How do you determine which patients are candidates for this approach?

The patients who are candidates are the ones who have already had identified large-vessel occlusion by outside imaging, and their neurological exam is stable compared to the evaluation of the transferring hospital. For us, that is a significant number of patients.

Can you share how advancements with the Artis icono biplane have enhanced your DTA workflow for stroke patients?

The whole concept of bringing patients DTA is predicated on good image quality so you can detect hemorrhage with reliability, and you can also detect the size of the core infarct with reliability, with high-resolution imaging. The ARTIS icono, with its cone beam CT, has reached the threshold where we’re able to identify the size of the core infarction and reliably identify hemorrhage.

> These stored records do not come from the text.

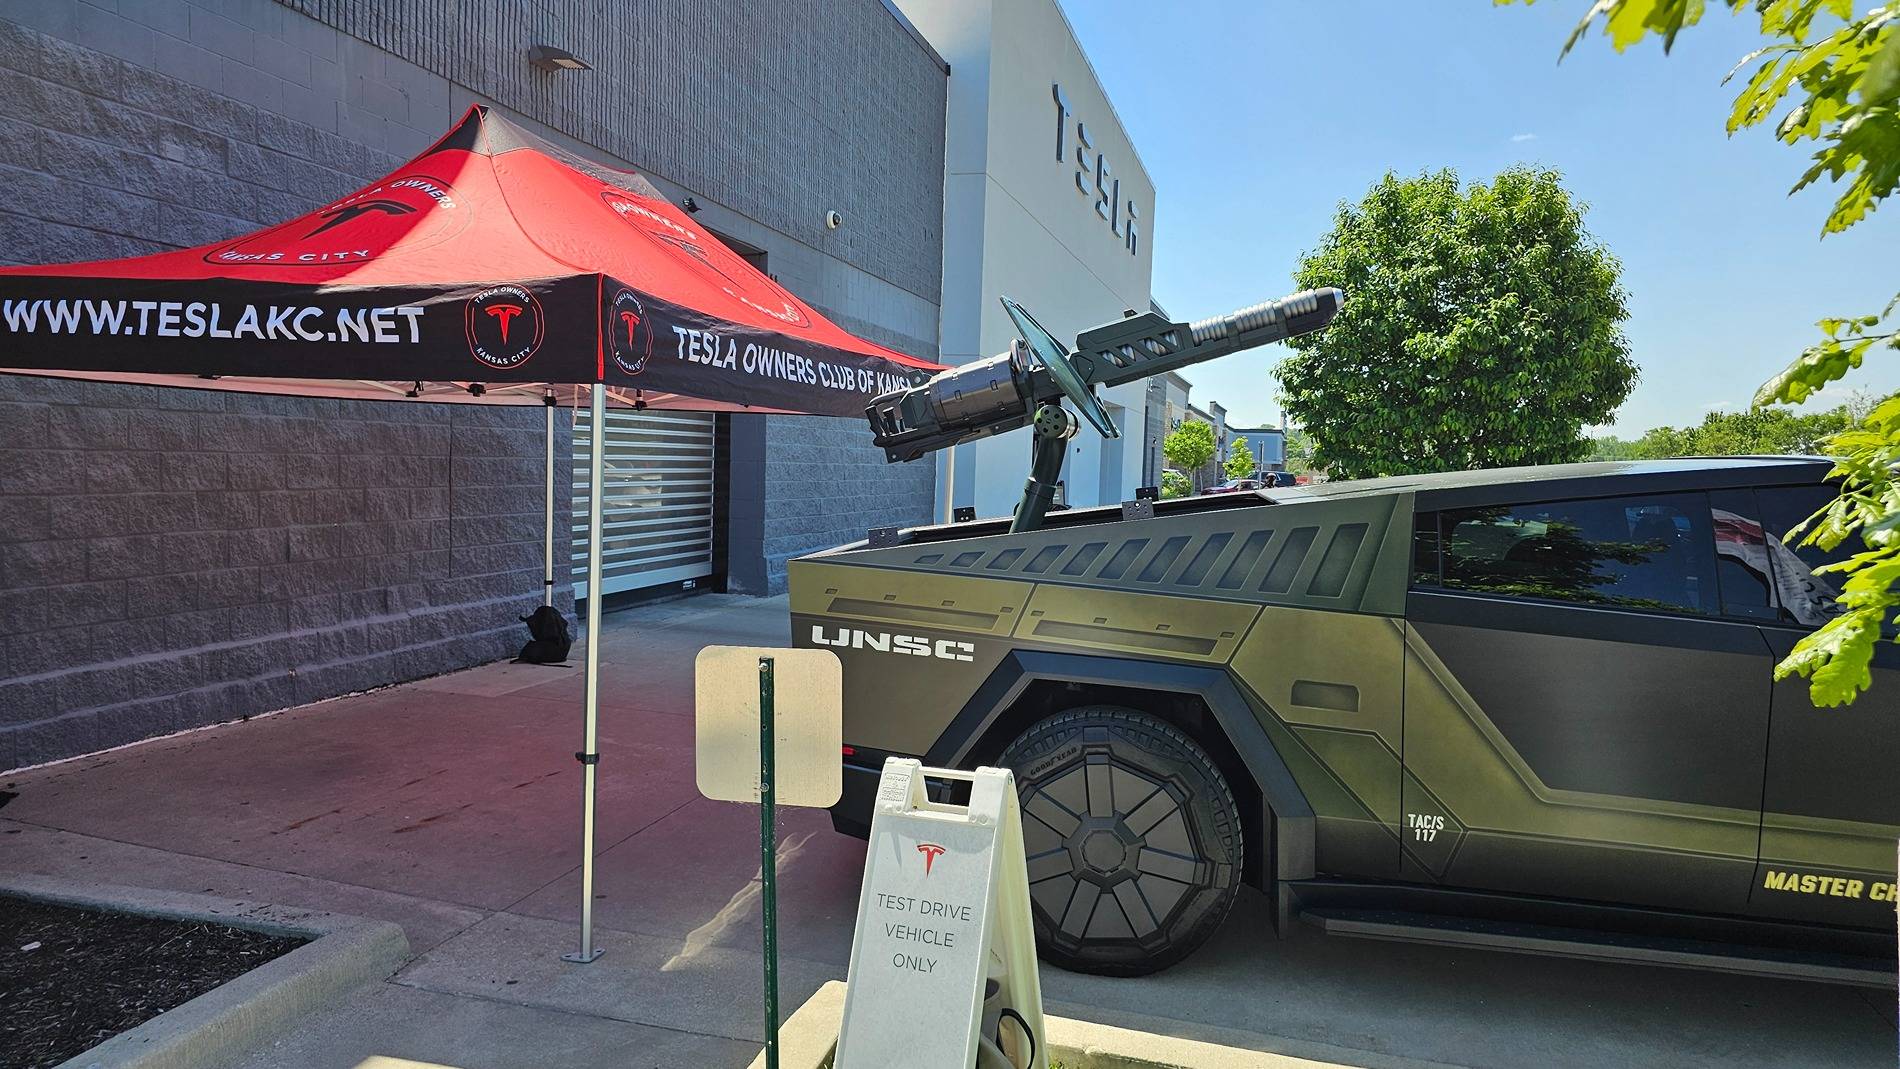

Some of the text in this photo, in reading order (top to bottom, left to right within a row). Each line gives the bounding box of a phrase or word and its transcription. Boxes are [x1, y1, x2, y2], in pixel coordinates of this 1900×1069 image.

[1052, 83, 1140, 256] TESLA
[390, 179, 457, 209] OWNERS
[298, 249, 369, 261] CITY
[474, 286, 530, 304] TESLA OWNERS
[3, 299, 425, 344] WWW.TESLAKC.NET
[476, 346, 531, 365] KANSAS CITY
[671, 325, 737, 371] TESLA
[742, 342, 817, 385] OWNERS
[817, 361, 855, 391] CLUB
[858, 368, 874, 394] OF
[811, 625, 975, 662] UNSC
[1407, 813, 1445, 830] TAC/S
[1414, 828, 1437, 842] 117
[1763, 870, 1864, 899] MASTER
[877, 893, 972, 922] TEST DRIVE
[885, 922, 955, 948] VEHICLE
[893, 953, 938, 974] ONLY

Now we have excellent image quality in the angio suite so we can safely bypass CT. And that’s because of the improvements in technology.

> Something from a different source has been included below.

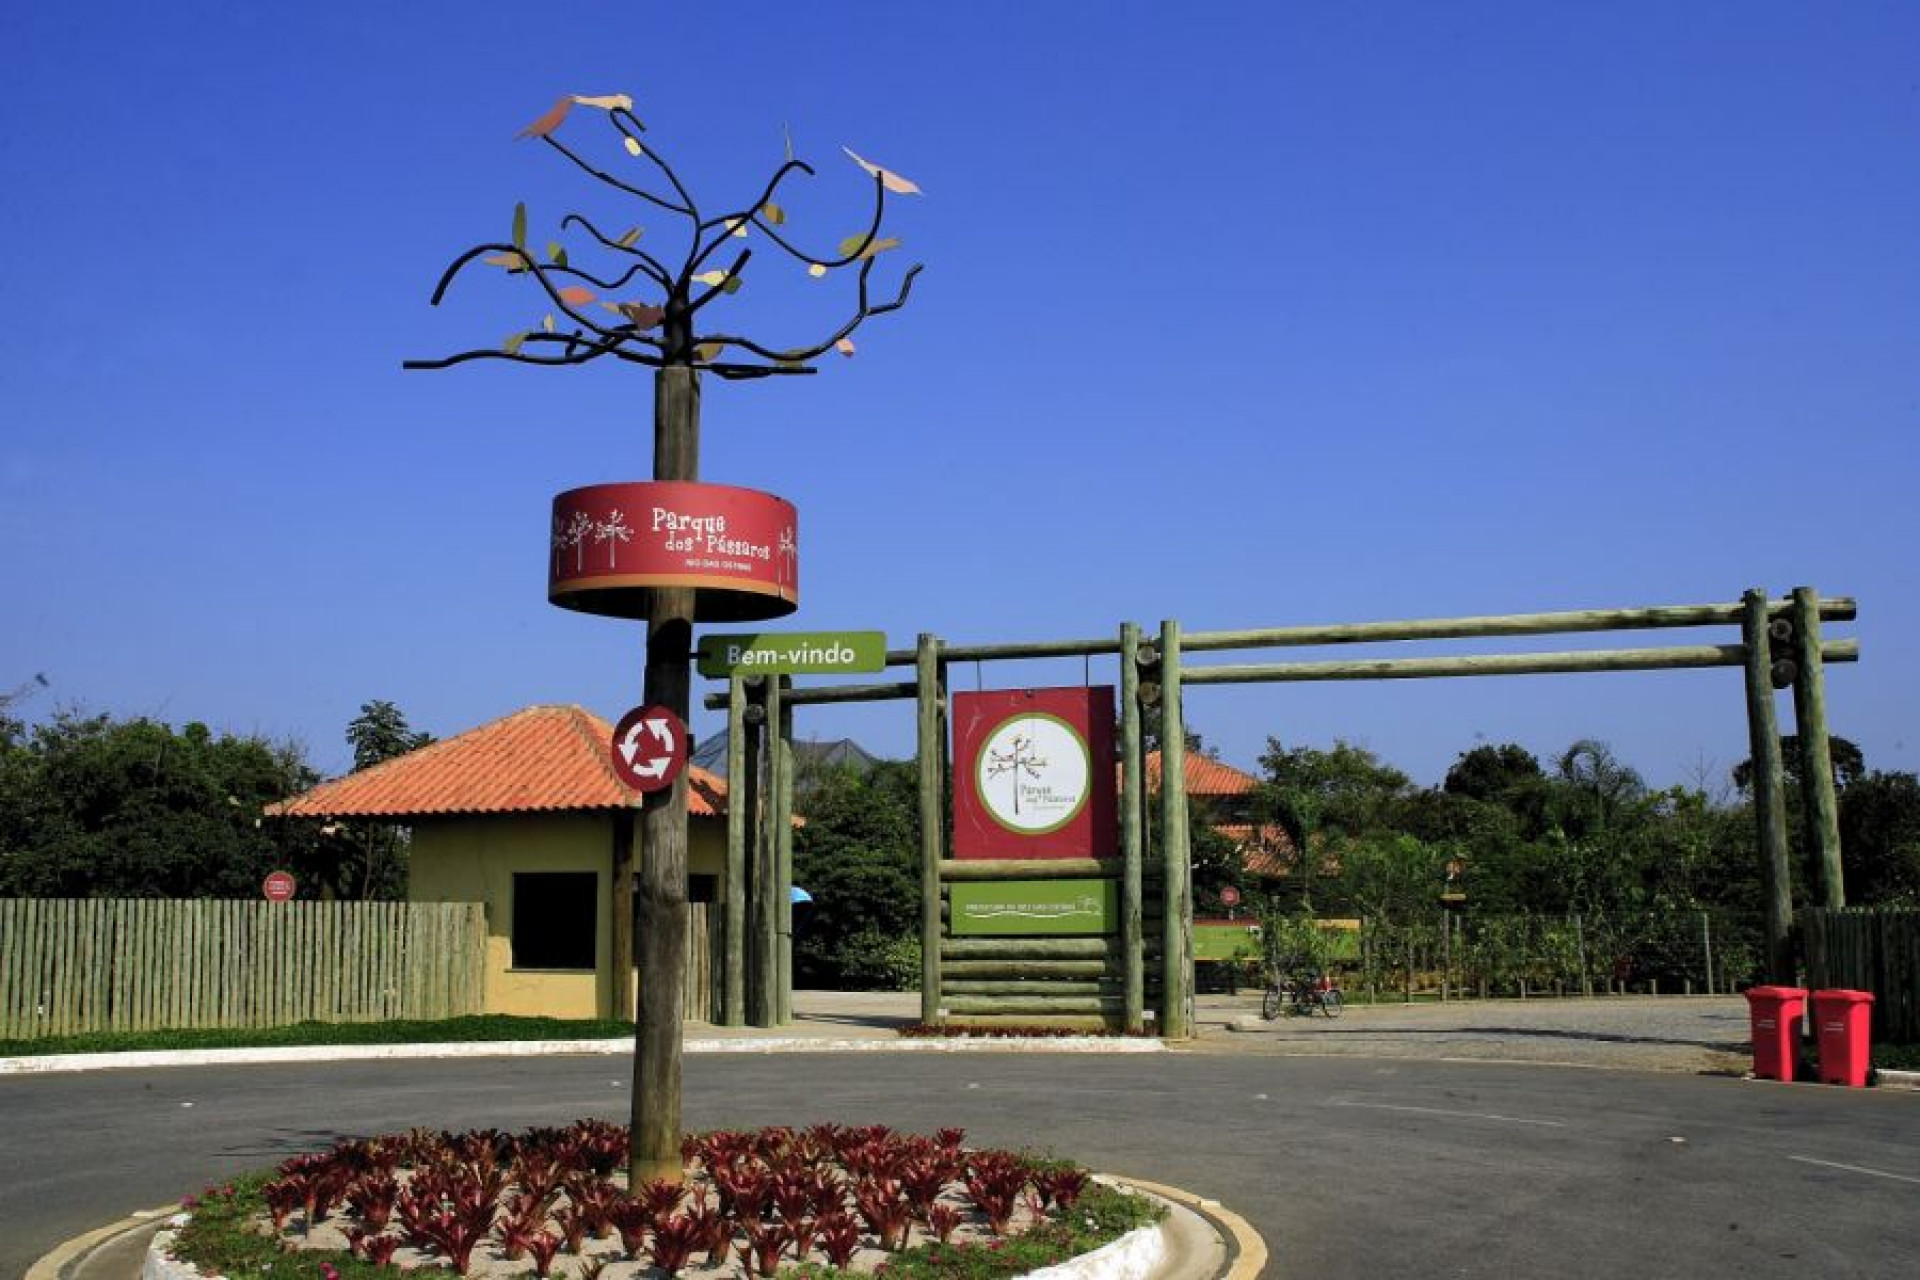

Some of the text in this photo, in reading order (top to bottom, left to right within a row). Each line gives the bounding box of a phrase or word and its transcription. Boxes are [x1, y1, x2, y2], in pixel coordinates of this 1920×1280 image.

[652, 507, 726, 541] Parque
[665, 531, 693, 552] dos
[727, 641, 856, 665] Bem-vindo

How does your DTA workflow for transfer stroke patients affect clinical outcomes?

If we do DTA and bypass CT, we’re probably saving, on average 20 minutes. If you’re saving 20 minutes from arrival to recanalization, that is going to significantly impact the number of patients that will be independent and walking out of the hospital within a day or two. It’s going to lead to better patient outcomes.

Time is brain. Time is the most important metric for us doing these procedures quickly, and it’s going to provide the best impact for better patient outcomes. Having the team there upon patient arrival and being very quick with our thrombectomy procedure—from arterial access to recanalization for our team is about 15 minutes. We’re pretty fast once we get going, and if we can shave time off getting the patient to the procedure start, we’re going to have better patient outcomes.

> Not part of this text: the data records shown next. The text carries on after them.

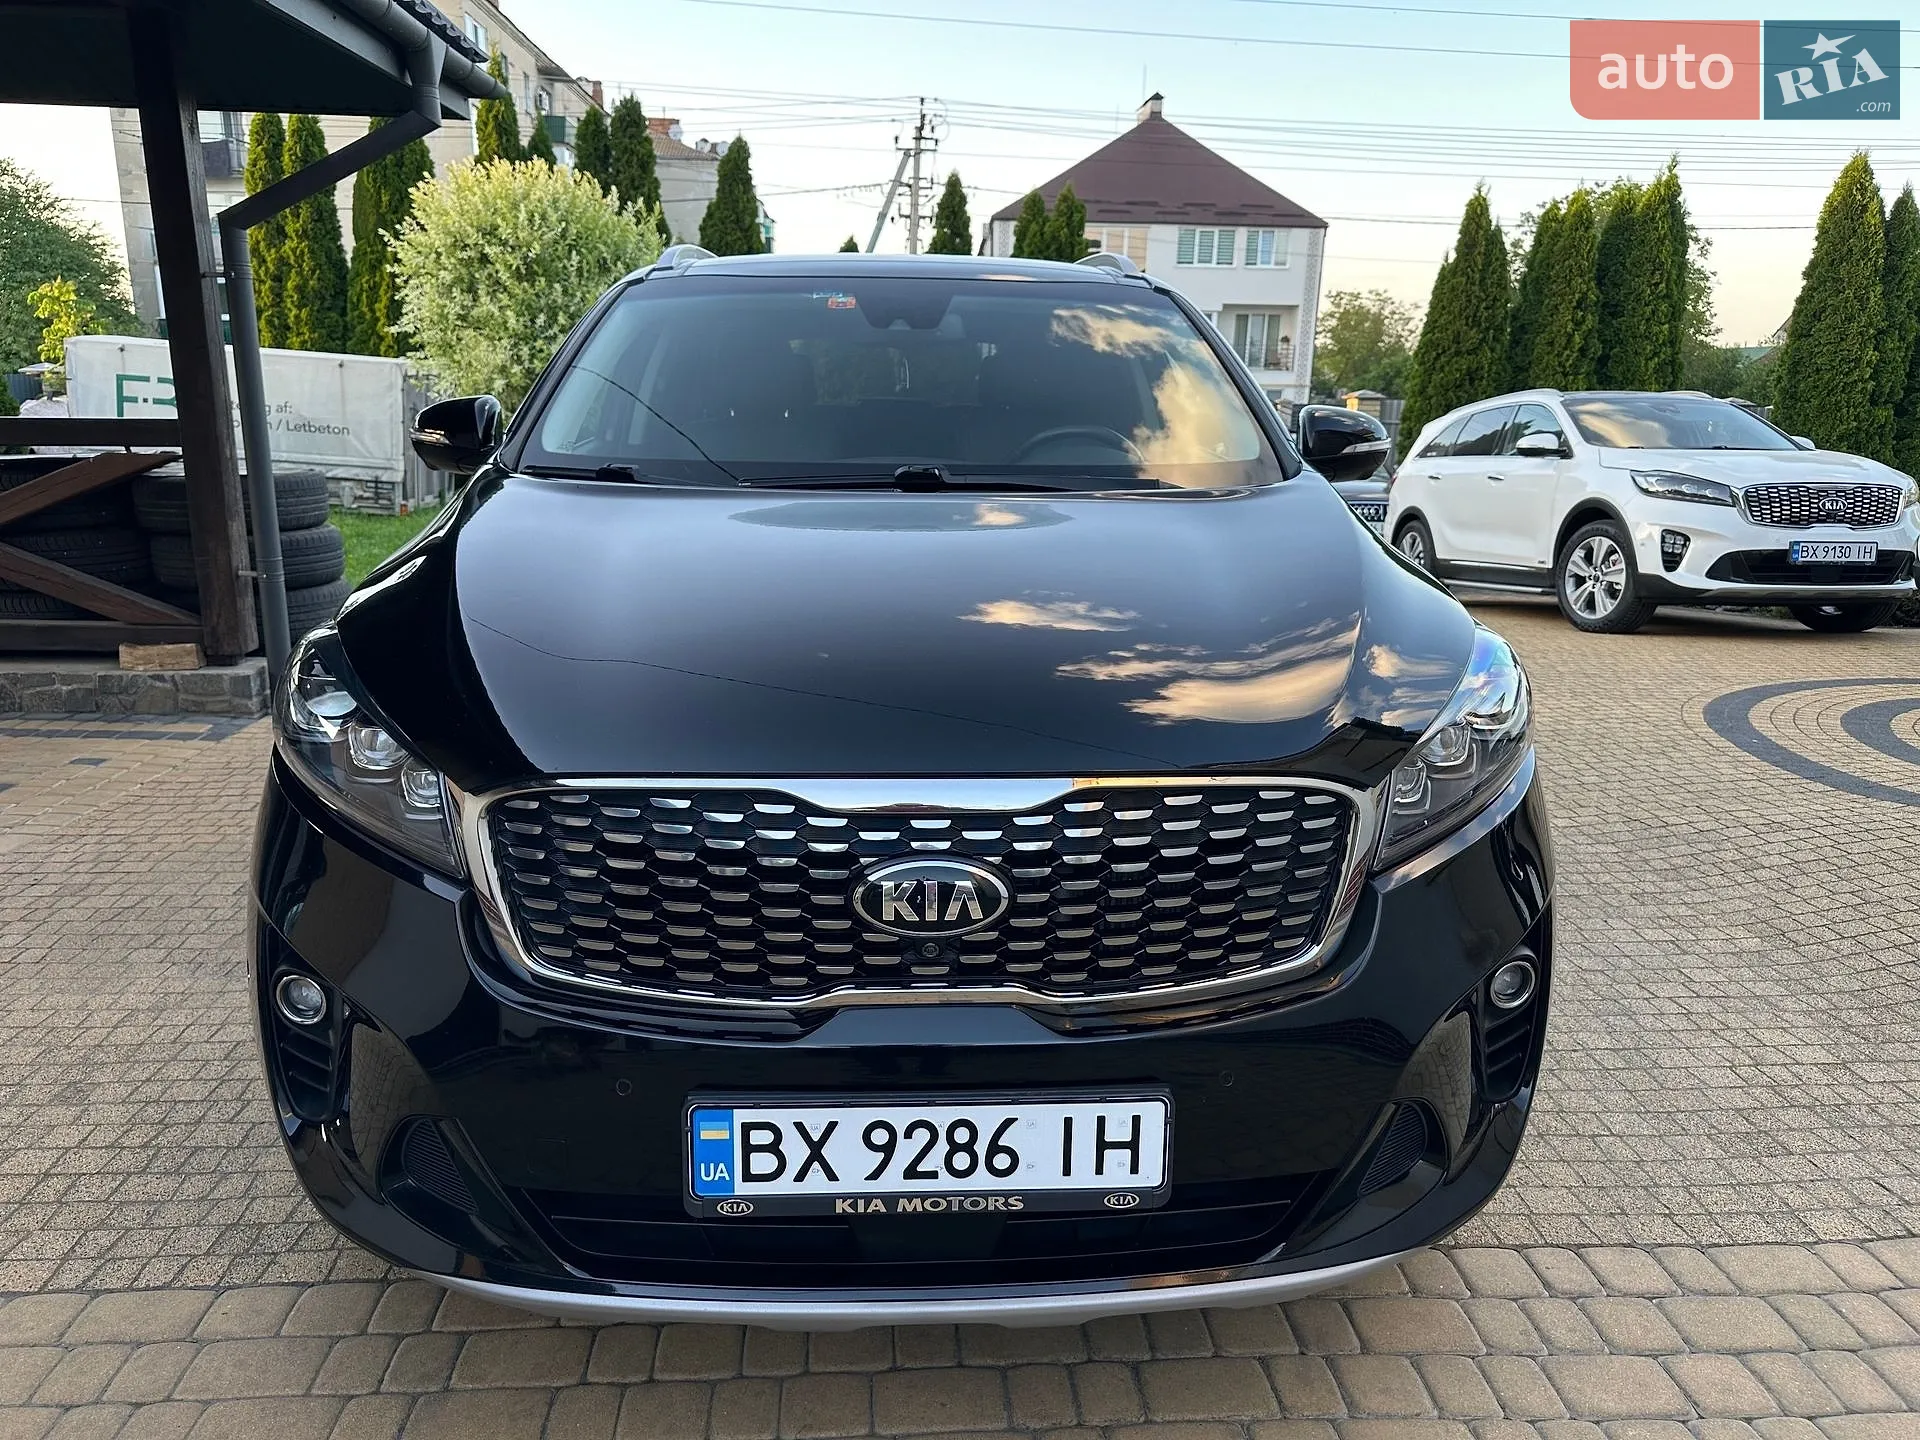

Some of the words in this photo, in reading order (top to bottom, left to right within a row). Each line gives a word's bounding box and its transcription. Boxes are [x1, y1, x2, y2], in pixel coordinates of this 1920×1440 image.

[286, 420, 350, 436] Letbeton
[1825, 500, 1844, 510] KIA
[1800, 545, 1819, 559] BX
[1822, 545, 1852, 559] 9130
[1857, 545, 1873, 559] IH
[881, 880, 984, 921] KIA
[740, 1120, 840, 1183] BX
[861, 1117, 1020, 1181] 9286
[1062, 1114, 1141, 1177] IH
[700, 1162, 730, 1181] UA
[722, 1202, 748, 1214] KIA
[834, 1198, 887, 1214] KIA
[896, 1196, 1025, 1213] MOTORS
[1110, 1195, 1135, 1206] KIA

Outside of the syngo DynaCT improvements, are there other features with the ARTIS icono that have greatly impacted your experience?

I think the image quality overall is superior to anything else and has gotten better and better. We have many things like road mapping for embolization, being able to pick a roadmap from an angiographic run that was done earlier in the procedure and setting it up. That saves time and dose of radiation to the physician to the patient. All these things help us do the procedure better and faster.

Case Report

Potential Outcomes of Transferred Stroke Patients

Donald Frei, MD

Radiology Imaging Associates at Swedish Medical Center, Denver, Colorado

Figure 1
Figure 1. Right internal carotid artery type T occlusion.

A 68-year-old man had a witnessed fall while riding his bike and was transferred to a local hospital with left hemiparesis. Computed tomography (CT) and CT angiography showed right internal carotid artery type T occlusion (Figure 1). The head CT ASPECTS score was 10.

Figure 2
Figure 2. Remote imaging with AI technology.

The patient was transferred to Swedish Medical Center within 60 minutes of the previous CT, which was visualized remotely with AI technology (Figure 2). 

Figure 3
Figure 3. Sine Spin head CT in the angio suite.
Figure 4
Figure 4. Thrombolysis in cerebral infarction 3 reperfusion after 1 pass. Time from door to recanalization was 43 minutes.
Figure 5
Figure 5. Magnetic resonance imaging at 24 hours.

The patient was sent DTA and a Sine Spin head CT was done (Figure 3). Thrombolysis in cerebral infarction (TICI) 3 was achieved after 1 pass (Figure 4). Time from door to recanalization was 43 minutes. Figure 5 shows the patient’s MRI after 24 hours.


Disclaimer: The statements by Siemens Healthineers’ customers described herein are based on results that were achieved in the customer’s unique setting. Since there is no “typical” hospital and many variables exist (e.g., hospital size, case mix, level of IT adoption) there can be no guarantee that other customers will achieve the same results.